The eye is made from soft tissue to keep it flexible for fast movements. To focus accurately the eye must maintain its shape, like a ball filled with air to stay firm. Clear fluid (the aqueous) is pumped into the eye via the ciliary body and circulates around the structures of the eye. The aqueous is then drained through the trabecular meshwork to return to the blood stream. Draining of the aqueous is against resistance so the eye pressure is higher than the air pressure but lower than blood pressure.

Glaucoma is a disease in which the optic nerve is damaged.  In most cases this is caused by high  intra-ocular pressure a  result of blockage of the circulation of aqueous or drainage of the aqueous. In other cases the damage may be caused by low blood supply to the optic nerve, weakness of the structure of the optic nerve or another health problem in optic nerve.

Glaucoma is often called the sneak thief of sight as most people with glaucoma do not notice symptoms until they begin to have significant vision loss. As optic nerve fibres are damaged by glaucoma, small blind spots may begin to develop, usually in the peripheral or side vision. If the entire optic nerve is destroyed, blindness results.
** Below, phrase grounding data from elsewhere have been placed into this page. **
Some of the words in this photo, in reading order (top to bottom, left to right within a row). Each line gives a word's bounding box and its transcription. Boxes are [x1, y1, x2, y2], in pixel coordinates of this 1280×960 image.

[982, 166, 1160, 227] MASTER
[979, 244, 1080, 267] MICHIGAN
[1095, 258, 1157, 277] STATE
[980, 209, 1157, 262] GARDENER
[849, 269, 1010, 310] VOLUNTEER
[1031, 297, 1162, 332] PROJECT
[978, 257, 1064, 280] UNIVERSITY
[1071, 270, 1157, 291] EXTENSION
Other symptoms usually are related to sudden increases in IOP, particularly with acute angle-closure glaucoma, and may include blurred vision, halos around lights, severe eye pain, headache, abdominal pain, nausea, and vomiting. Intra-ocular pressure or IOP is usually considered normal between 10mmHg and 20mmHg (measured in millimeters of Mercury). High intra-ocular pressure may also be ocular-hypertension, low intra-ocular pressure may not rule out glaucoma as there are forms of normal pressure glaucoma. For this reason more than one test is used to diagnose true glaucoma.
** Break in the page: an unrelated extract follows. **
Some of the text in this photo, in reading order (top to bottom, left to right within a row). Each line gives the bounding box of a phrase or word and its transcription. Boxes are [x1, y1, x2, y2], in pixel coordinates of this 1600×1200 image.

Chronic or Open angle glaucoma is most common and increases in risk with age and family history. In open angle glaucoma the aqueous that normally drains out of the eye cannot get through the eyes filtration system into the drainage canals, causing pressure to build up in the eye. In contrast to angle-closure glaucoma in which the drainage canals themselves are blocked. In angle-closure glaucoma, the iris is pushed or pulled against the drainage channels at the angle of the anterior chamber of the eye. When this occurs, the aqueous that normally drains out of the eye is blocked, elevating the IOP. If this occurs suddenly, immediate treatment is essential to prevent optic nerve damage and vision loss. If closure is gradual it may be mistaken for open angle glaucoma.

Glaucoma is most commonly treated with eye drops. If treatments such as drops fail surgery may be required. In angle-closure glaucoma, Iridotomy surgery may need to be done where a drainage hole is created in the iris to relieve the increased pressure inside the eye. This can be performed using a laser; therefore, an incision in the eye is not needed. Patients may need to have an Iridotomy after an acute episode of angle-closure glaucoma or to prevent an attack of angle-closure glaucoma.

Other types of surgery that are performed to help glaucoma include Trabeculoplasty, and filtering. All of these procedures try to ease drainage of aqueous.